ECB’s Schnabel: June rate cut possible, another in July not warranted

    In an interview with Nikkei, ECB Executive Board member Isabel Schnabel indicated that a rate cut in June “may be appropriate” based on current data. However, she noted that another cut in July “does not seem warranted.” Schnabel emphasized that the outlook beyond June is “much more uncertain,” pointing out that the “last mile” of disinflation is the “most difficult.”

    Schnabel explained that the disinflation process has slowed significantly after most supply-side shocks were reversed, making it a “quite bumpy” global phenomenon. She highlighted that in Eurozone, part of this difficulty is due to base effects and the reversal of fiscal measures.

    Importantly, Schnabel underscored that inflation driven by “second-round effects” has become “more persistent.” She advocated for a cautious approach, stressing that “after so many years of very high inflation and with inflation risks still being tilted to the upside, a front-loading of the easing process would come with a risk of easing prematurely.”

    Mixed signals in China’s economic data: Industrial production surges, retail sales lag

      China’s economic data for April revealed a mixed picture, with industrial production rising by 6.7% yoy, surpassing the expected 4.6%.

      However, fixed asset investment for the year to date grew by 4.2% yoy, falling short of the anticipated 4.6%. Notably, real estate investment declined significantly, dropping by -9.8% in the first four months of the year.

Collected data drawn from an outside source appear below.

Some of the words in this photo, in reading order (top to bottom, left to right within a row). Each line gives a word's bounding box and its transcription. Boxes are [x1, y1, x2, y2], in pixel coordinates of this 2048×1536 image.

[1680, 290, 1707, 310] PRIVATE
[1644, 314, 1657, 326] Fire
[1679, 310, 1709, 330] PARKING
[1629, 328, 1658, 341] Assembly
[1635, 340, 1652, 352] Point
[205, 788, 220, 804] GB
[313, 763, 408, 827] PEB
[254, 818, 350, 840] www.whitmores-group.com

      Retail sales, a critical indicator of consumer spending, increased by only 2.3% yoy, below the forecast of 3.8%.

      According to the National Bureau of Statistics , production and demand saw a stable increase, with employment and prices showing overall improvement. The NBS stated that the economy was generally stable, continuing to rebound and progress well.

      Fed’s Mester, Bostic, and Barkin signal extended restrictive stance

        Some Fed officials have emphasized overnight the need for a extended period of restrictive monetary policy as they seek clearer signs of sustainable inflation reduction.

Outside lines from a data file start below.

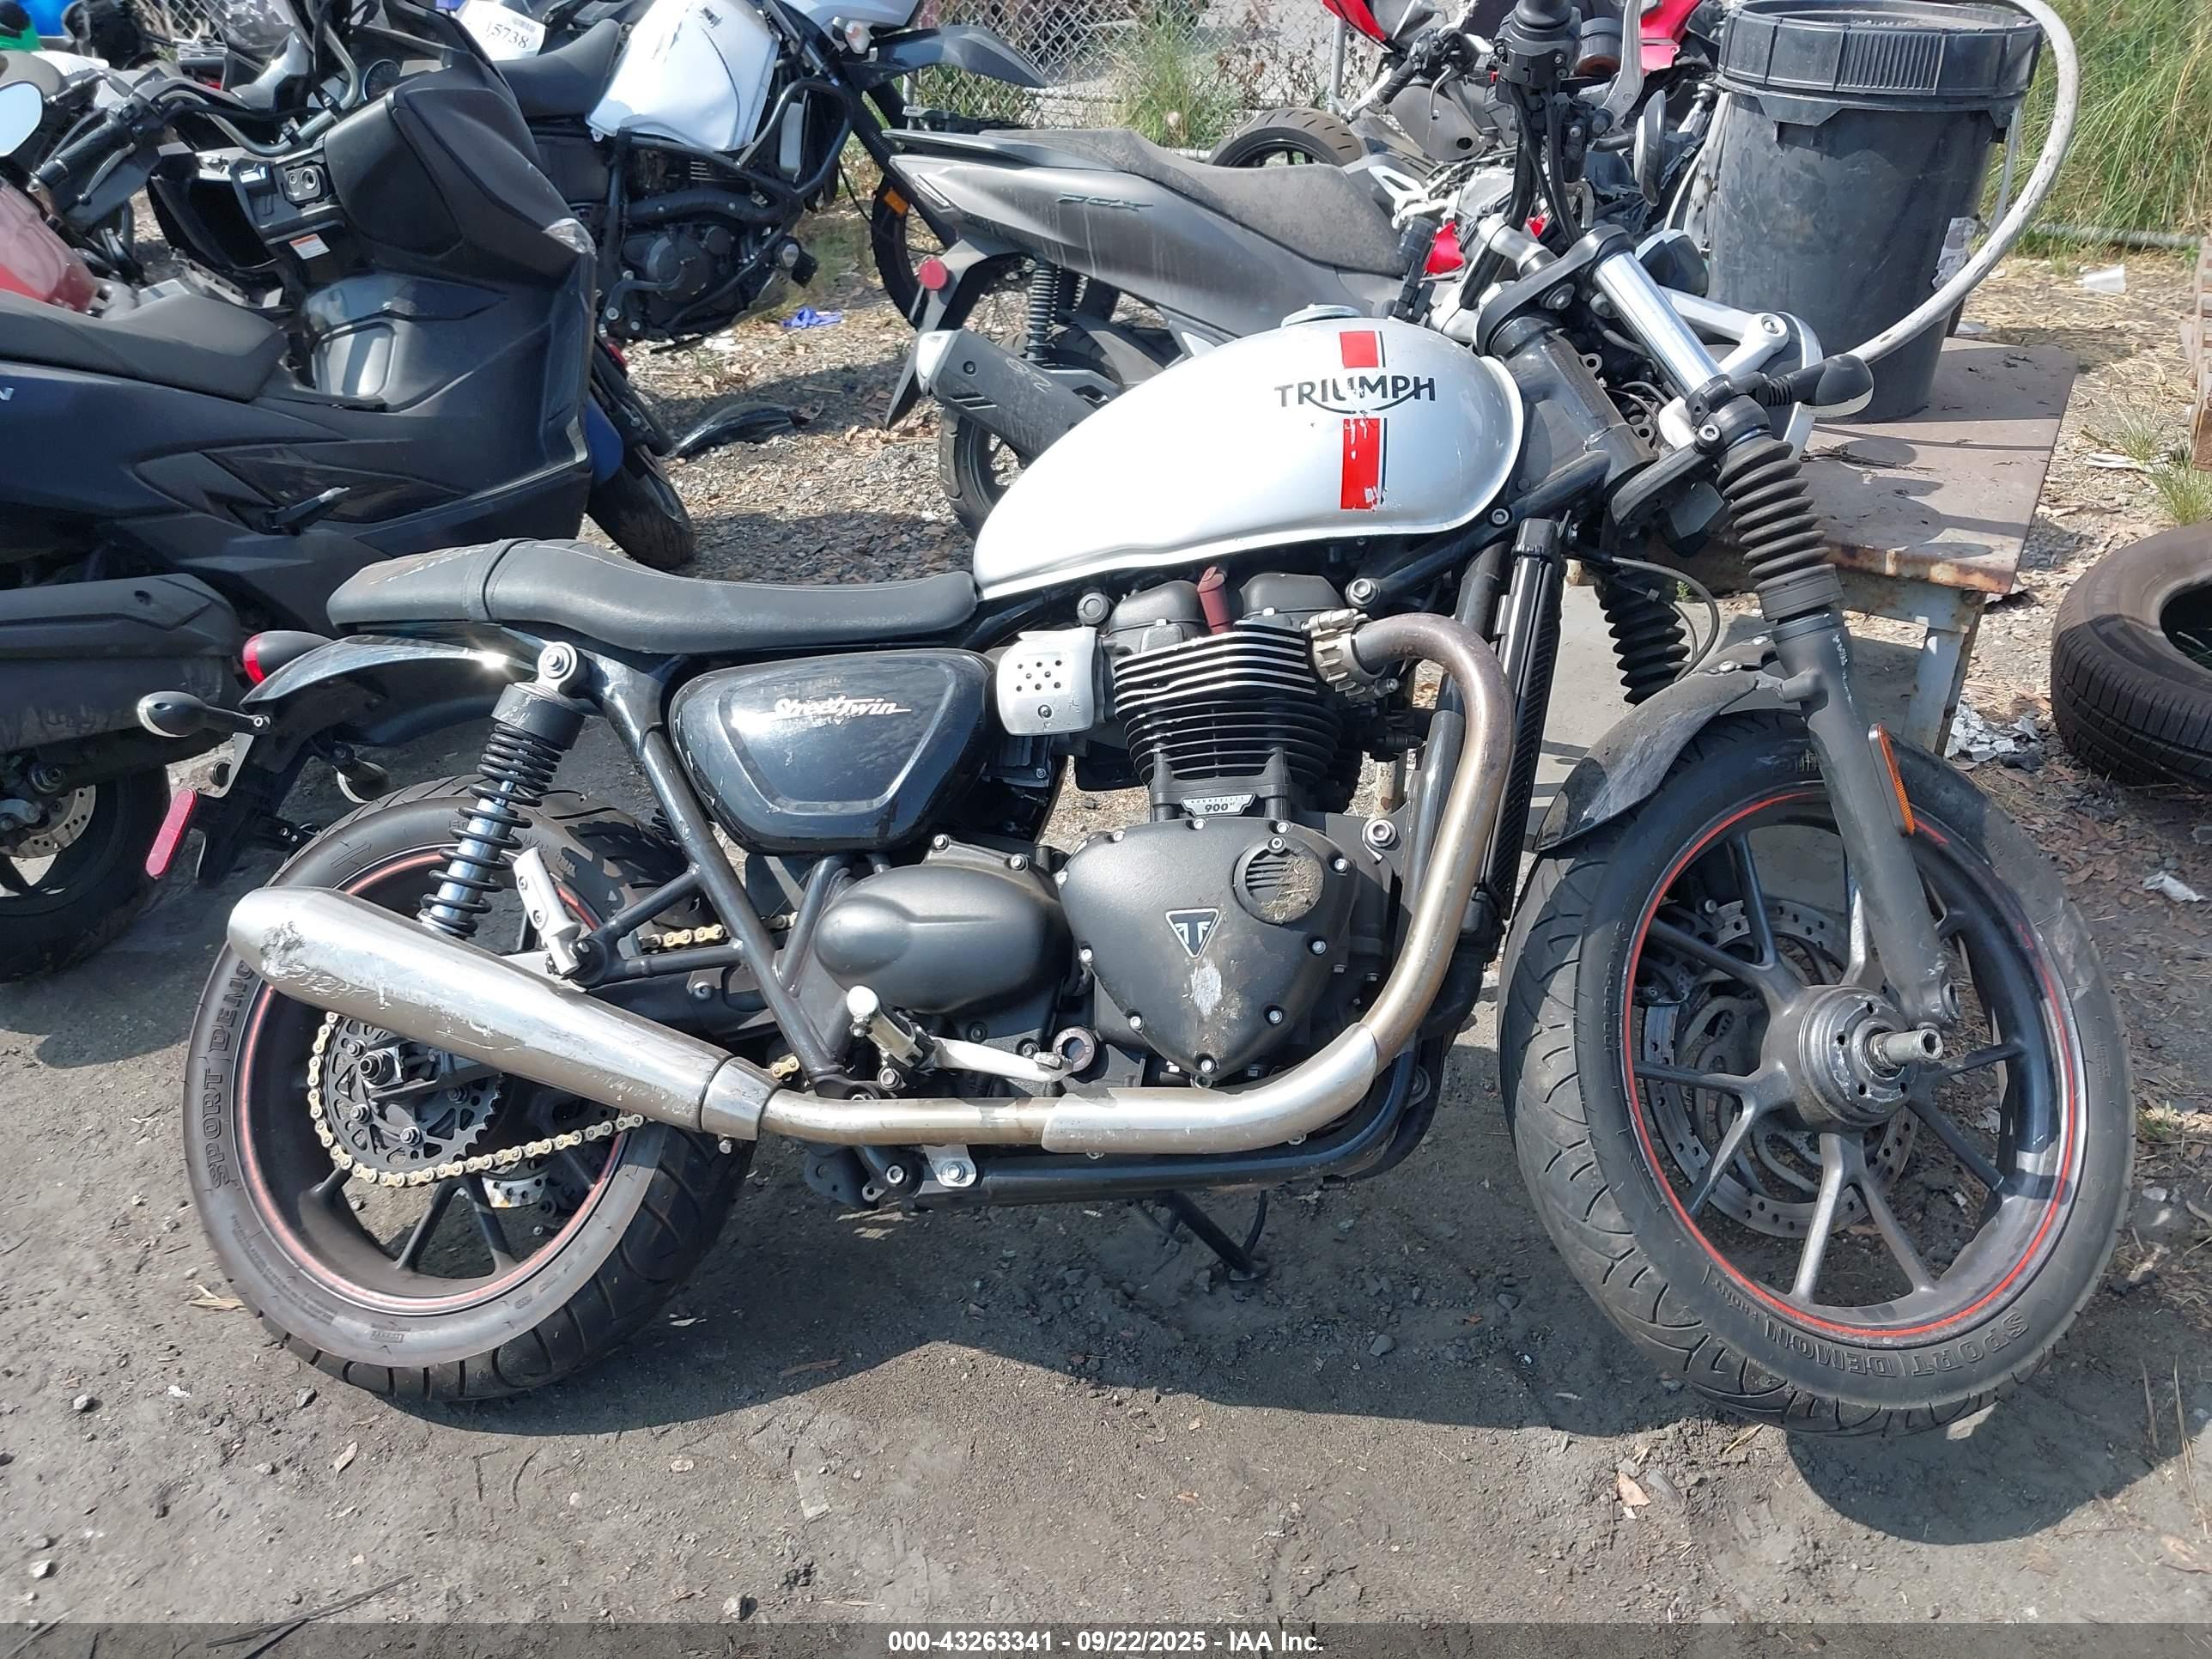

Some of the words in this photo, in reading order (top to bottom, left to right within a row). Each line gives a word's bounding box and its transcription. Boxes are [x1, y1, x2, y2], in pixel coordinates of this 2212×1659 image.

[1273, 374, 1436, 414] TRIUMPH
[1204, 803, 1229, 813] 900
[202, 1067, 229, 1189] SPORT
[1772, 1325, 1898, 1378] DEMON
[1911, 1311, 2030, 1377] SPORT

        At an event, Cleveland Fed President Loretta Mester stated that incoming economic data suggests it will “take longer” to gain the confidence needed to start lowering interest rates. Mester emphasized that “holding our restrictive stance for longer is prudent” as Fed seeks clarity on the inflation path.

        Atlanta Fed President Raphael Bostic, speaking at another event, acknowledged that the April inflation report provided some important insights, particularly noting a slowed rise in shelter costs. However, he cautioned that “one data point is not a trend,” highlighting the importance of watching the May and June data to ensure figures don’t reverse.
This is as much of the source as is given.